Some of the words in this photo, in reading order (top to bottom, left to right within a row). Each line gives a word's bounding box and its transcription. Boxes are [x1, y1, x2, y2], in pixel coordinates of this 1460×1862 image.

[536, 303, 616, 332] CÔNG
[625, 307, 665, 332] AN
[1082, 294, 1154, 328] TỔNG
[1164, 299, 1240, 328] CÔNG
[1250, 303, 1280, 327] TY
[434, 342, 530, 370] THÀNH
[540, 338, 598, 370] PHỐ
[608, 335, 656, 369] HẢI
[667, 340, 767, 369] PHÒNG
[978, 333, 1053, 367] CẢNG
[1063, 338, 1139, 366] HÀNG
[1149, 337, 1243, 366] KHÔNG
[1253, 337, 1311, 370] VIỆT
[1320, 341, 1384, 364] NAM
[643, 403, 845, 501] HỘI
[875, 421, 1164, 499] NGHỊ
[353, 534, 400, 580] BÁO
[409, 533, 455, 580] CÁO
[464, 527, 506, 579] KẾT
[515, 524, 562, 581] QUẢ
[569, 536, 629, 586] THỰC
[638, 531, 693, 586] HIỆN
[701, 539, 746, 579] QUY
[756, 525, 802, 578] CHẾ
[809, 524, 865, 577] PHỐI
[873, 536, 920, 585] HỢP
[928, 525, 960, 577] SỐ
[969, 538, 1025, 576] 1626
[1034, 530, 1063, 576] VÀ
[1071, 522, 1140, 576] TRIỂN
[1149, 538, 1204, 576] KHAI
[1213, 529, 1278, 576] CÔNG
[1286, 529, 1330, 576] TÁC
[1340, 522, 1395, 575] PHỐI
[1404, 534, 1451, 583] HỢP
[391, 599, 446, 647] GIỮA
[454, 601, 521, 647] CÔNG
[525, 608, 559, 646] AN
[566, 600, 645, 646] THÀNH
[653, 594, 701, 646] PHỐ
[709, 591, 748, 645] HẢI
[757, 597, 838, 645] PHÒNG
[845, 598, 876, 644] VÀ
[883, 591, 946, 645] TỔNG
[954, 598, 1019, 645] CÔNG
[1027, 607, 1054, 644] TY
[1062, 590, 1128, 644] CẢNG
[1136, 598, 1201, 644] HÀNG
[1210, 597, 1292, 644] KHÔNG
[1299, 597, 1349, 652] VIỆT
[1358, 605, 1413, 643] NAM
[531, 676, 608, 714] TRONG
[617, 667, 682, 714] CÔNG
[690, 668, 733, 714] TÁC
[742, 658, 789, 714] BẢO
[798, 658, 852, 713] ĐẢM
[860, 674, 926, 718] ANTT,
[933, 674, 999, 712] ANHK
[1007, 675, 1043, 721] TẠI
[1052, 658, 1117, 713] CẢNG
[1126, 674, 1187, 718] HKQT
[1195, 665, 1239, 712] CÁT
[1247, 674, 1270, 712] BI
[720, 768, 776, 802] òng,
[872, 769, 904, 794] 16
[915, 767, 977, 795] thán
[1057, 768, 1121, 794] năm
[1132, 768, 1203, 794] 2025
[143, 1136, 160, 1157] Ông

Task objective
Beginning with the opening line and ending with the final one, transcribe the material exactly.

Result
Some of the words in this photo, in reading order (top to bottom, left to right within a row). Each line gives a word's bounding box and its transcription. Boxes are [x1, y1, x2, y2], in pixel coordinates of this 1460×1862 image.

[536, 303, 616, 332] CÔNG
[625, 307, 665, 332] AN
[1082, 294, 1154, 328] TỔNG
[1164, 299, 1240, 328] CÔNG
[1250, 303, 1280, 327] TY
[434, 342, 530, 370] THÀNH
[540, 338, 598, 370] PHỐ
[608, 335, 656, 369] HẢI
[667, 340, 767, 369] PHÒNG
[978, 333, 1053, 367] CẢNG
[1063, 338, 1139, 366] HÀNG
[1149, 337, 1243, 366] KHÔNG
[1253, 337, 1311, 370] VIỆT
[1320, 341, 1384, 364] NAM
[643, 403, 845, 501] HỘI
[875, 421, 1164, 499] NGHỊ
[353, 534, 400, 580] BÁO
[409, 533, 455, 580] CÁO
[464, 527, 506, 579] KẾT
[515, 524, 562, 581] QUẢ
[569, 536, 629, 586] THỰC
[638, 531, 693, 586] HIỆN
[701, 539, 746, 579] QUY
[756, 525, 802, 578] CHẾ
[809, 524, 865, 577] PHỐI
[873, 536, 920, 585] HỢP
[928, 525, 960, 577] SỐ
[969, 538, 1025, 576] 1626
[1034, 530, 1063, 576] VÀ
[1071, 522, 1140, 576] TRIỂN
[1149, 538, 1204, 576] KHAI
[1213, 529, 1278, 576] CÔNG
[1286, 529, 1330, 576] TÁC
[1340, 522, 1395, 575] PHỐI
[1404, 534, 1451, 583] HỢP
[391, 599, 446, 647] GIỮA
[454, 601, 521, 647] CÔNG
[525, 608, 559, 646] AN
[566, 600, 645, 646] THÀNH
[653, 594, 701, 646] PHỐ
[709, 591, 748, 645] HẢI
[757, 597, 838, 645] PHÒNG
[845, 598, 876, 644] VÀ
[883, 591, 946, 645] TỔNG
[954, 598, 1019, 645] CÔNG
[1027, 607, 1054, 644] TY
[1062, 590, 1128, 644] CẢNG
[1136, 598, 1201, 644] HÀNG
[1210, 597, 1292, 644] KHÔNG
[1299, 597, 1349, 652] VIỆT
[1358, 605, 1413, 643] NAM
[531, 676, 608, 714] TRONG
[617, 667, 682, 714] CÔNG
[690, 668, 733, 714] TÁC
[742, 658, 789, 714] BẢO
[798, 658, 852, 713] ĐẢM
[860, 674, 926, 718] ANTT,
[933, 674, 999, 712] ANHK
[1007, 675, 1043, 721] TẠI
[1052, 658, 1117, 713] CẢNG
[1126, 674, 1187, 718] HKQT
[1195, 665, 1239, 712] CÁT
[1247, 674, 1270, 712] BI
[720, 768, 776, 802] òng,
[872, 769, 904, 794] 16
[915, 767, 977, 795] thán
[1057, 768, 1121, 794] năm
[1132, 768, 1203, 794] 2025
[143, 1136, 160, 1157] Ông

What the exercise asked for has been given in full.